Simplified mathematical model for frontal impact study

The structure of the front compartment is built to provide safety to passengers during an impact. Safety is ensured by designing structures capable of taking up much of the impact energy. During an impact, the energy of the impact is consumed by the ability of the body structure to deform. Thus, a large part of the kinetic energy of the impact is transformed into deformation energy. It ensures that decelerations are reduced in a short period of time to the limit that passengers can bear. Two mathematical models are proposed for the study of the frontal impact between two vehicles. In the mathematical model the component elements of the frontal compartmental structures are treated separately. Two simplified numerical models with two degrees of freedom are proposed. The first mathematical model is of the table-spring type, and the second is the mathematical model of the table-spring-shock absorber type. The body elements and the main subassemblies of the vehicle are considered to be two concentrated table bodies.
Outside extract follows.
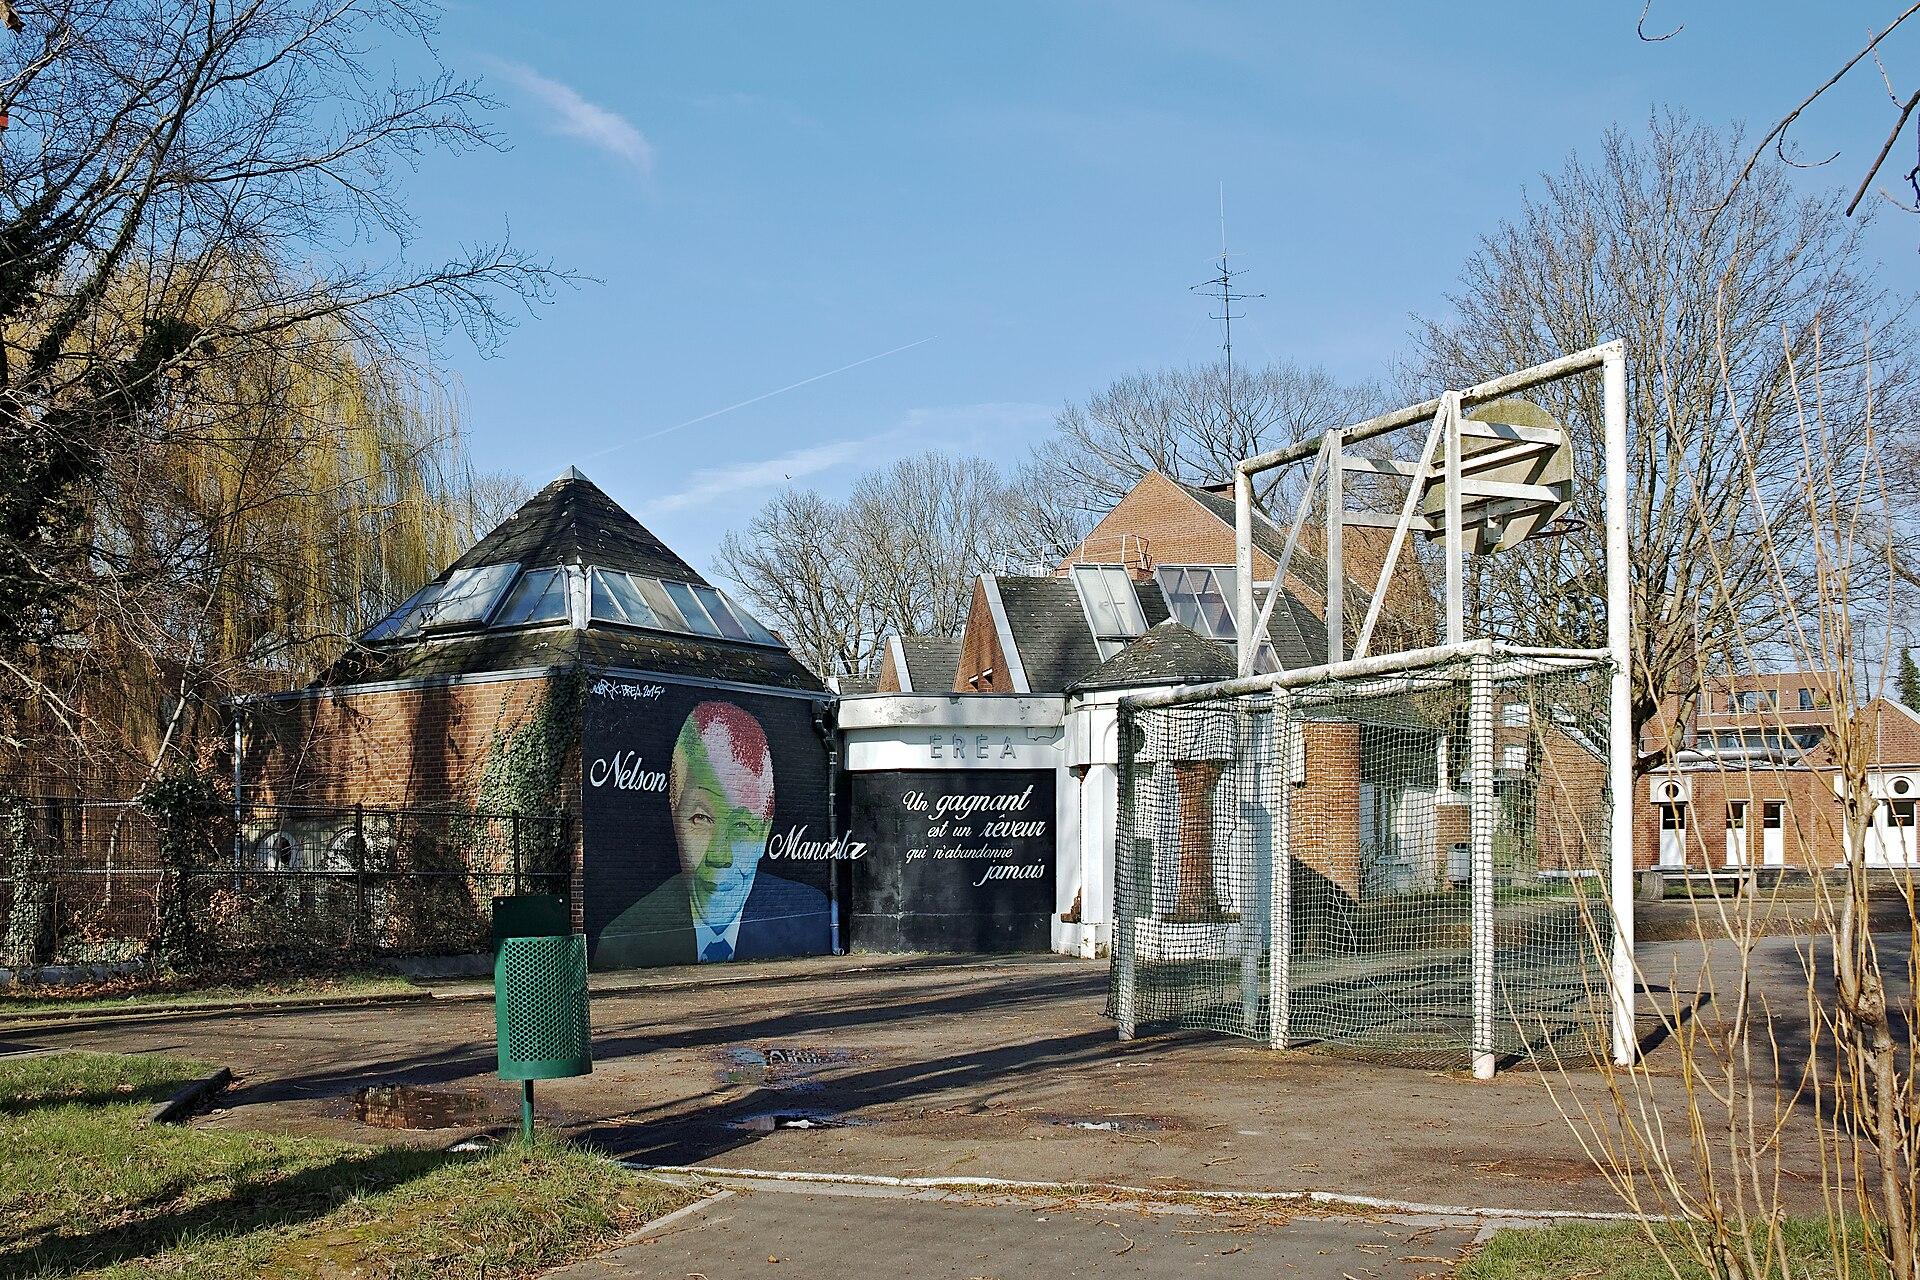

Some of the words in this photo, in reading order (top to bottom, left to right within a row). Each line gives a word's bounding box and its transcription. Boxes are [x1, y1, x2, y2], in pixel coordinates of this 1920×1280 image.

The connection between these bodies will be made by elastic elements and damping elements. Based on Lagrange's generalized equations, the equations of motion necessary for the impact study will be obtained. Furthermore, the solving of the numerical systems of the proposed models will be done with the help of the modelling, simulation and analysis environment offered by the MATLAB Simulink software. In this environment, the main initial parameters and impact conditions between the two bodies will be established and block schemes will be built for both systems of equations. With the help of these mathematical models it is desired to determine the maximum deformation recorded by each vehicle during the frontal impact between the two.